Debatir no es linchar
Cartas al director y centralitas colapsadas, estos eran hasta hace poco los conductos reglamentarios de los usuarios de periódicos, televisiones y emisoras de radio para transmitir inquietudes, sugerencias o reclamaciones. La autoridad de las cartas se preservaba a través de un protocolo: el autor tenía que identificarse y dar su número de DNI y de teléfono. En la radio, el filtro era menos estricto. Se entendía que las llamadas que no pasaban por antena eran un termómetro para detectar entusiasmos e indignaciones. El concepto centralita colapsada podía provocar incontinencias de pánico y euforia entre los radiofonistas (un día pregunté cuántas llamadas hacían falta para colapsar una centralita; respuesta: “doce simultáneas” –hablo de hace veinte años–). Tanto en el caso de los periódicos como de las radios, este vínculo con el usuario del medio permitía a los profesionales distinguir la tendencia del despropósito, el ramalazo de vanidad de la espontaneidad genuina, la calumnia del síntoma, la soledad de la inquietud, el chisme del periodismo.

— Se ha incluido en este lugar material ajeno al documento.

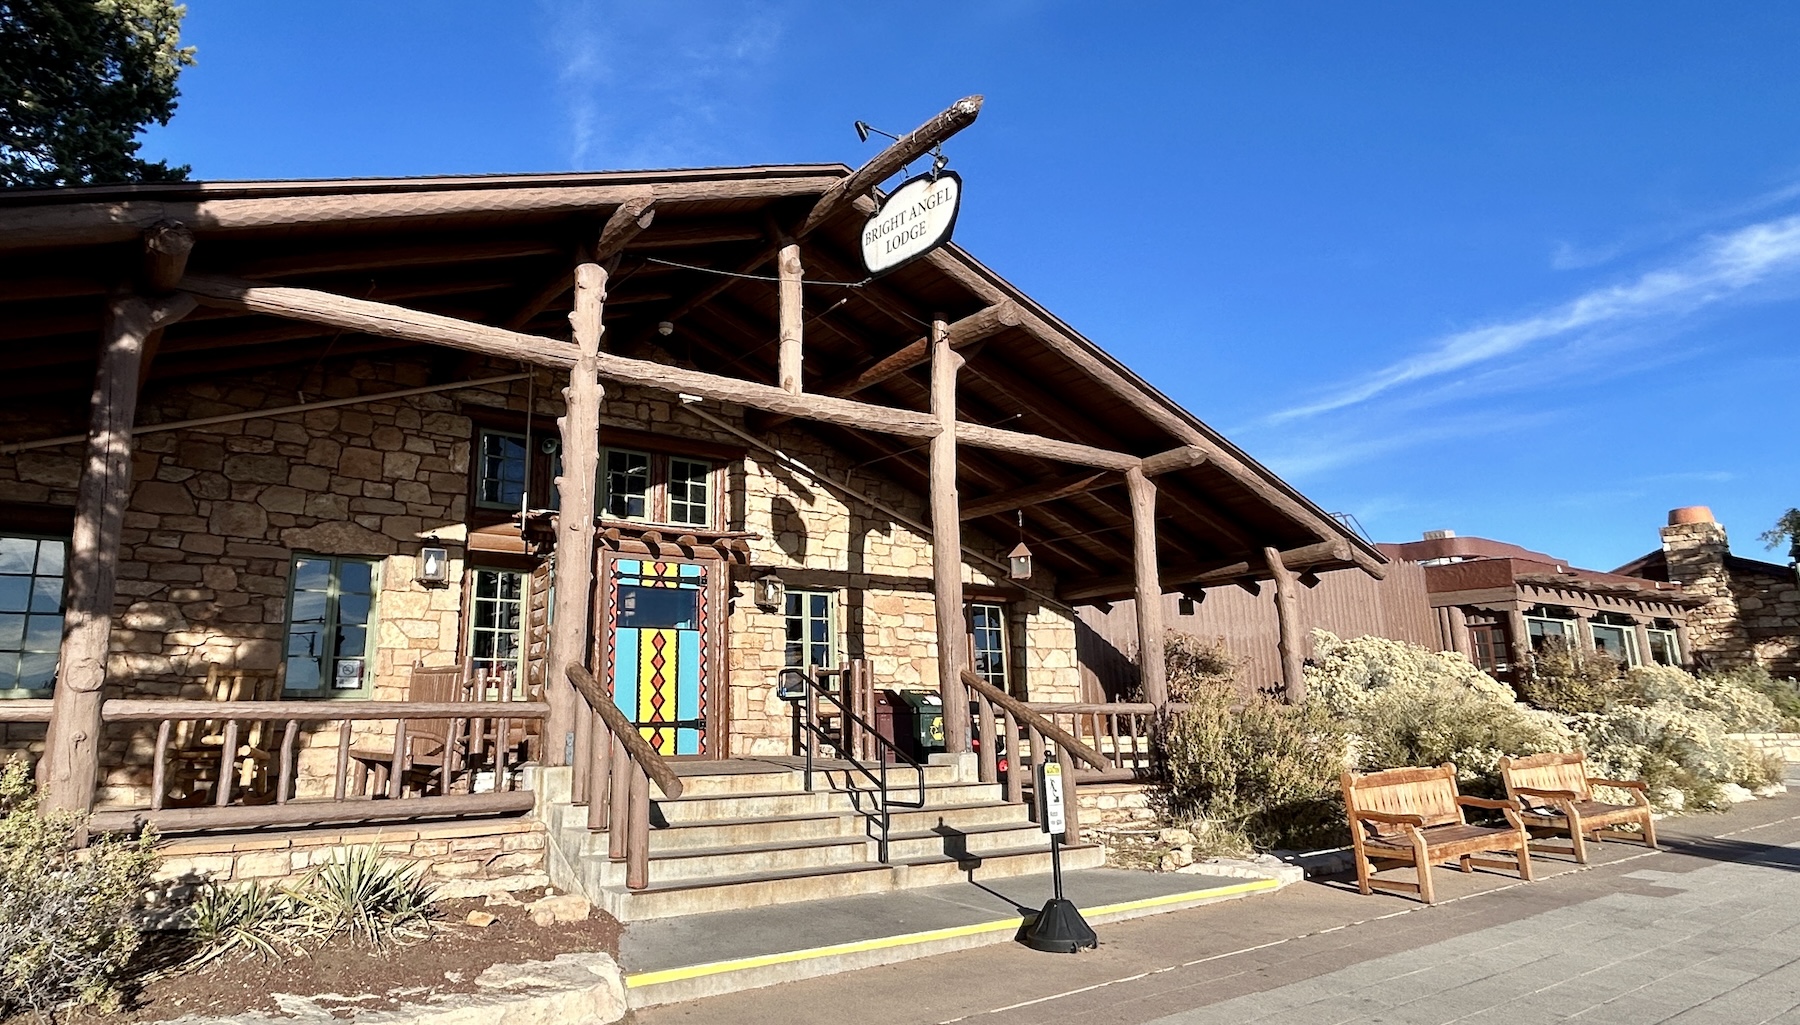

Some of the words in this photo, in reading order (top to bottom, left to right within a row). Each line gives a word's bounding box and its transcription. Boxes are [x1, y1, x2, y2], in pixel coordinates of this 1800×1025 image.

[865, 210, 907, 246] BRIGHT
[909, 187, 953, 221] ANGEL
[886, 221, 927, 254] LODGE

La llegada primero de internet y después de las redes sociales ha cambiado el paisaje. Ahora los radiofonistas y periodistas tienen acceso a las reacciones que provoca su trabajo sin filtros de telefonistas competentes o de centralitas preparadas para colapsarse preventivamente. La interacción ha modificado los contenidos y la posibilidad de desarrollar un discurso o una idea sin interferencias. En casos extremos, parece que los profesionales están tan pendientes del efecto que provocan que se exceden en la fragmentación y la dispersión y trabajan con el freno puesto y en un clima de pánico y susceptibilidad. En general, las interferencias participativas tienen buenas intenciones, pero, ¿son sustanciales? A menudo estas reacciones son pura bilis o ignorancia encubierta por formas de anonimato que pueden perder fácilmente el sentido de la realidad. Tanto, que acaban configurando una especie de minilobby anónimo, un mundo paralelo con ínfulas de confidencial narcotizado por circuitos de vanidades endogámicas que se espolean con diatribas inquisitoriales y sentencias moralistas más solemnes, cursis, indocumentadas e intransigentes que las que, con el orgullo de autoproclamarse auditores radicales de la actualidad, critican y desprecian. A estas alturas el periodismo lleva tiempo conviviendo con este fenómeno. Por eso sorprende que profesionales y medios con experiencia se dejen influir más allá de la curiosidad, la gratitud o de una oportunidad más consultiva que vinculante. Que la opinión de los usuarios de los medios de comunicación sea importante y haya encontrado en las nuevas tecnologías protocolos eficaces de participación (por cierto: algunas webs de información y opinión se están planteando cobrar los comentarios) no significa que tenga que ser elevada a categoría de tribunal. Despreciar y relativizar certezas como la especialización o el criterio ayuda a caer en la aberración, falsamente democrática, de creer que todas las opiniones tienen el mismo valor y a considerar los verbos debatir y linchar como sinónimos.
Las interferencias participativas tienen buenas intenciones, pero, ¿son sustanciales?